Hanya saja, dengan melihat fakta bahwa bursa AS telah meroket hingga sempat menyentuh level psikologis baru 29.000, analis pun kini diliputi pertanyaan besar yang muncul: apakah kenaikan tersebut sejalan dengan kondisi fundamental (perekonomian AS dan dunia), atau justru mengawali babak pembentukan gelembung (bubble) aset di pasar modal?

Data International Brokers Estimate System (IBES) yang dikompilasi Refinitiv menunjukkan bahwa earning season kali ini bakal tidak terlalu menyenangkan. Para analis broker kelas kakap tersebut memperkirakan laba bersih emiten konstituen indeks S&P 500 bakal melemah rata-rata 0,6%.

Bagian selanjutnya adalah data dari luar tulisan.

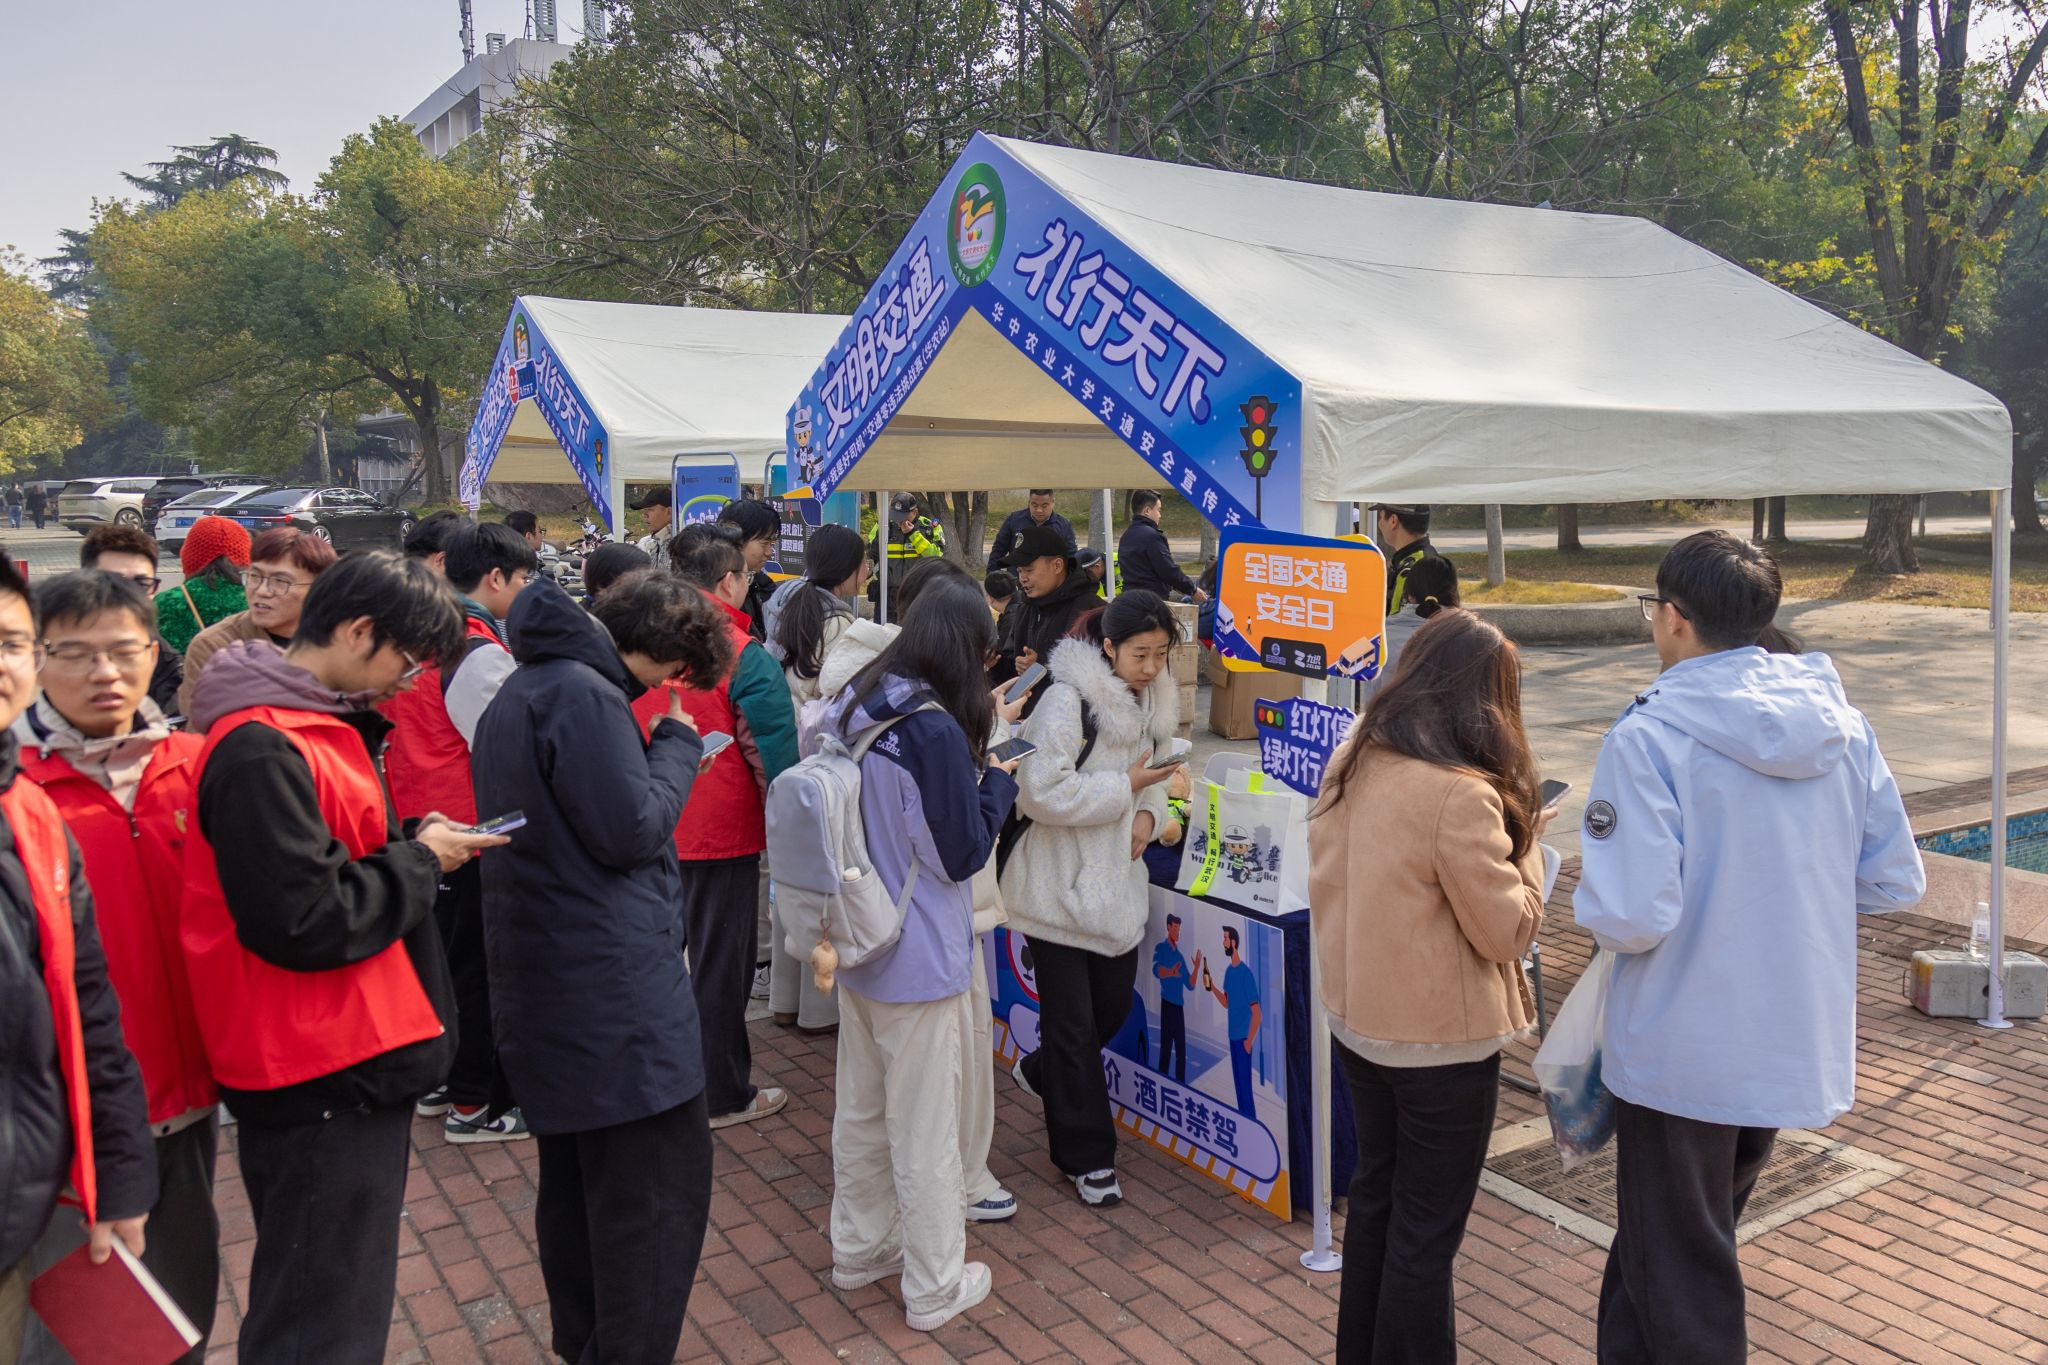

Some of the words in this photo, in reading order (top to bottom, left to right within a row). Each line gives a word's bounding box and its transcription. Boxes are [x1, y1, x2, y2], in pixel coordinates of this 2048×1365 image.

[820, 236, 946, 452] 文明交通
[1014, 217, 1227, 424] 礼行天下
[535, 345, 590, 452] 礼行天下
[1244, 552, 1348, 593] 全国交通
[1256, 592, 1334, 631] 安全日
[875, 739, 902, 757] CAMEL
[1263, 736, 1321, 788] 绿灯行
[1591, 812, 1610, 823] Jeep
[1134, 1070, 1239, 1158] 酒后禁驾

Catatan tambahan, pelemahan di sektor riil bisa lebih buruk dari catatan koreksi di bursa. Diane Swonk, Ekonom Kepala Grant Thornton, menilai bank sentral AS The Federal Reserve (The Fed) perlu benar-benar memperhatikan apakah pergerakan pasar saat ini seirama dengan kondisi ekonomi.

"Pada era 1970-an, 100 perusahaan menyumbang 50% laba bersih di era 1970-an. Kini hanya 30 perusahaan besar dengan catatan laba bersih teratas yang menyumbang 50% laba bersih di pasar saham sehingga kurang mencerminkan pergerakan ekonomi, tak seperti dulu," ujarnya sebagaimana dikutip CNBC International pada Minggu (11/01/2020).

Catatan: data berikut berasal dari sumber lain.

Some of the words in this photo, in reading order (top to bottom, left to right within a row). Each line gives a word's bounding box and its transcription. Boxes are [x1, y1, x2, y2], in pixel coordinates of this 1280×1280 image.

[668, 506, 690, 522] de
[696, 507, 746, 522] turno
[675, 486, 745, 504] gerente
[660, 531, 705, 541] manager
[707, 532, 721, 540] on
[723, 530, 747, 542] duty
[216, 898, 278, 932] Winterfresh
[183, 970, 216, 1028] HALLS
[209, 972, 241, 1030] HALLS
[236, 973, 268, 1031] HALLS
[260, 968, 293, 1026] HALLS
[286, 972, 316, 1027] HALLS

Kepala Ekonom Gluskin Sheff David Rosenberg mengingatkan bahwa industri barang konsumsi saat ini sedang berada di zona berbahaya. Pasalnya, sektor yang menopang 70% perekonomian AS dan menentukan nasib emiten-emiten unggulan di Wall Street itu mayoritas didanai dari kartu kredit.

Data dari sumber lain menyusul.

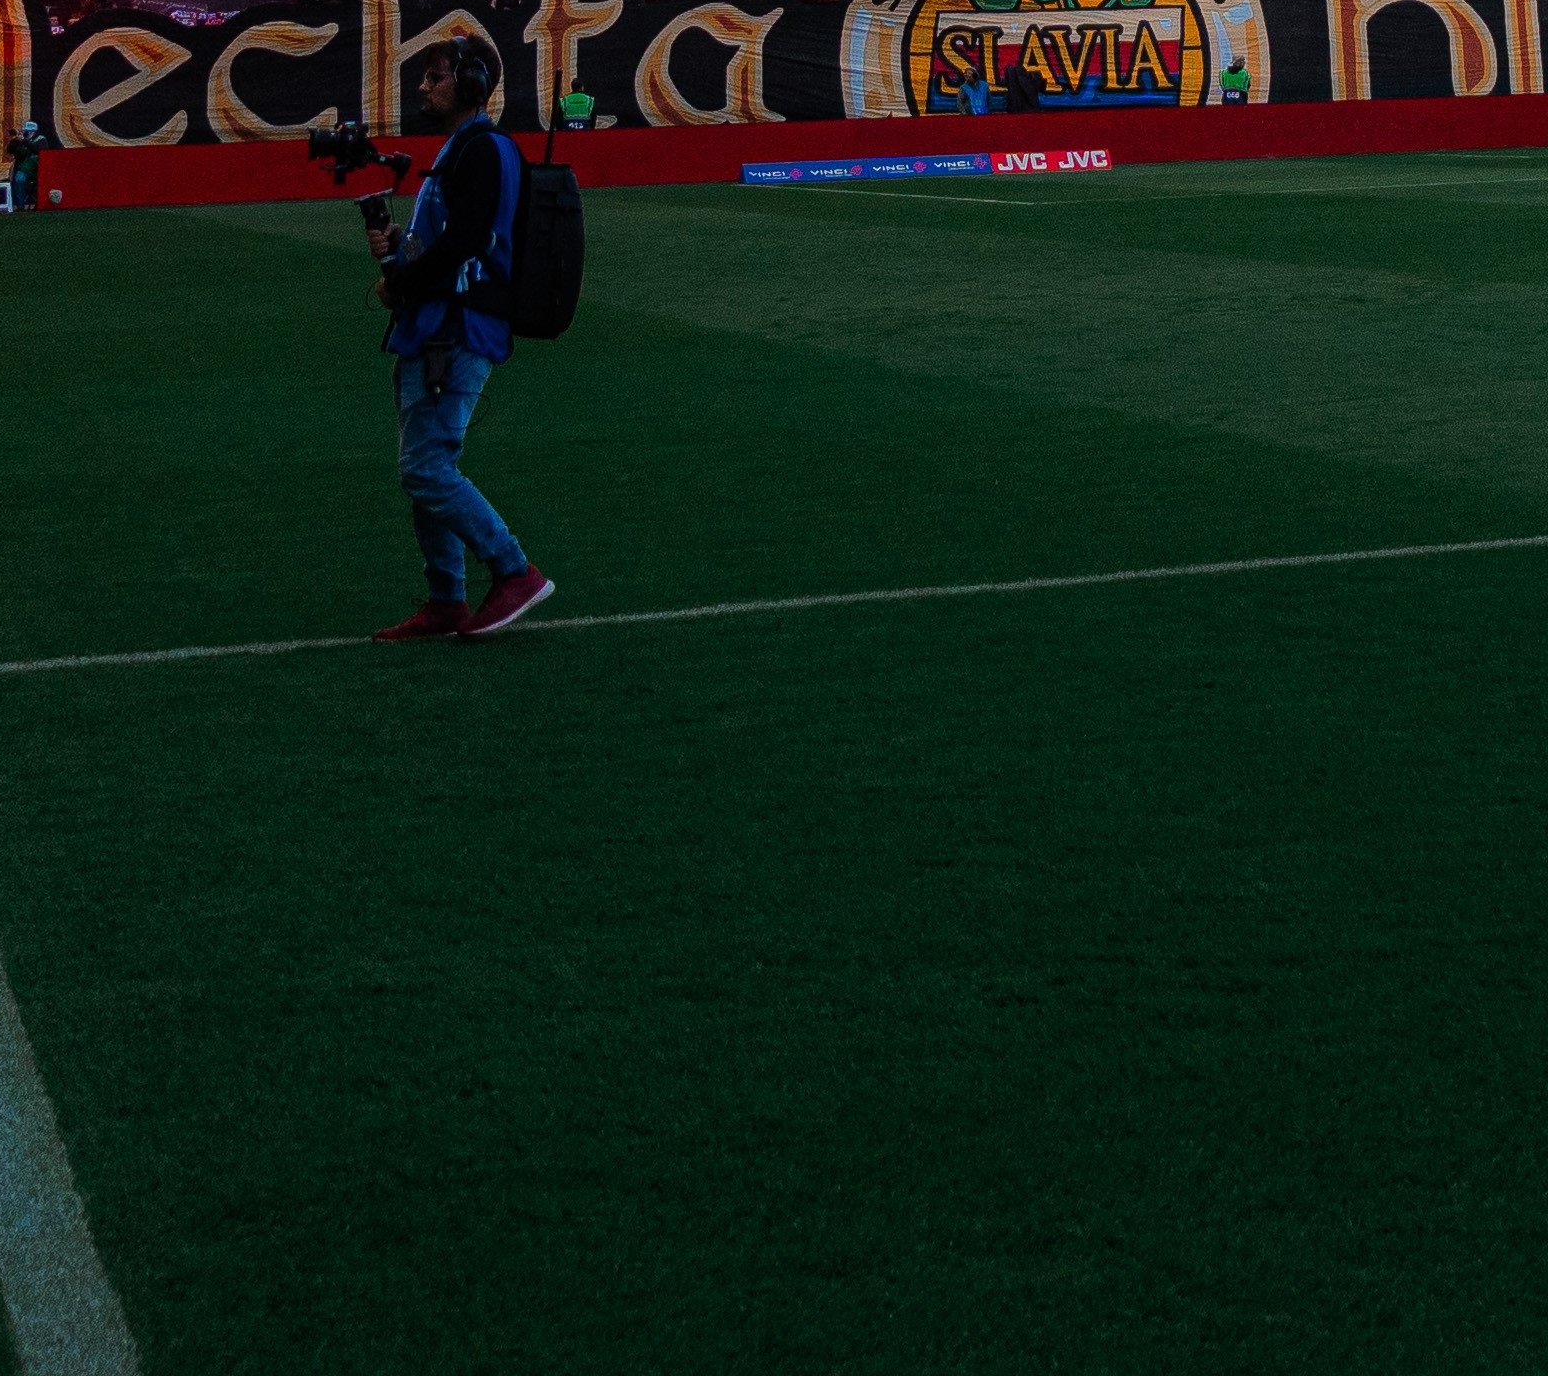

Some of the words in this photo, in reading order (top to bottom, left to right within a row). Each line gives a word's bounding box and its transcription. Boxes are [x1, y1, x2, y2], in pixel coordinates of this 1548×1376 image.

[938, 20, 1175, 95] SLAVIA
[749, 170, 786, 178] VINCI
[810, 168, 848, 176] VINCI
[872, 164, 910, 172] VINCI
[933, 160, 971, 168] VINCI
[998, 152, 1048, 171] JVC
[1058, 150, 1108, 169] JVC

"Saya sebenarnya bertanya-tanya sejauh mana konsumen akan bisa bertahan dan menjaga ekonomi tak pecah ketika pendapatan riil mereka mulai tertekan," tuturnya kepada CNBC International.

Laporan The Fed New York berjudul "Household Debt and Credit" (September 2019) mencatat nilai utang berbasis kartu kredit di AS mencapai US$1 triliun, melampaui level tertingginya pada tahun 2008. Perlu dicatat, pada 2007-2008 AS mengalami krisis keuangan akibat subprime mortgage loan.

Secara bersamaan, tunggakan kartu kredit mencapai level tertinggi 4 tahun, yakni US$ 667 miliar, atau 4,8% dari total kredit rumah tangga di AS. Sebanyak 63,6% (US$ 424 miliar) berstatus bahaya (menunggak hingga 90 bulan).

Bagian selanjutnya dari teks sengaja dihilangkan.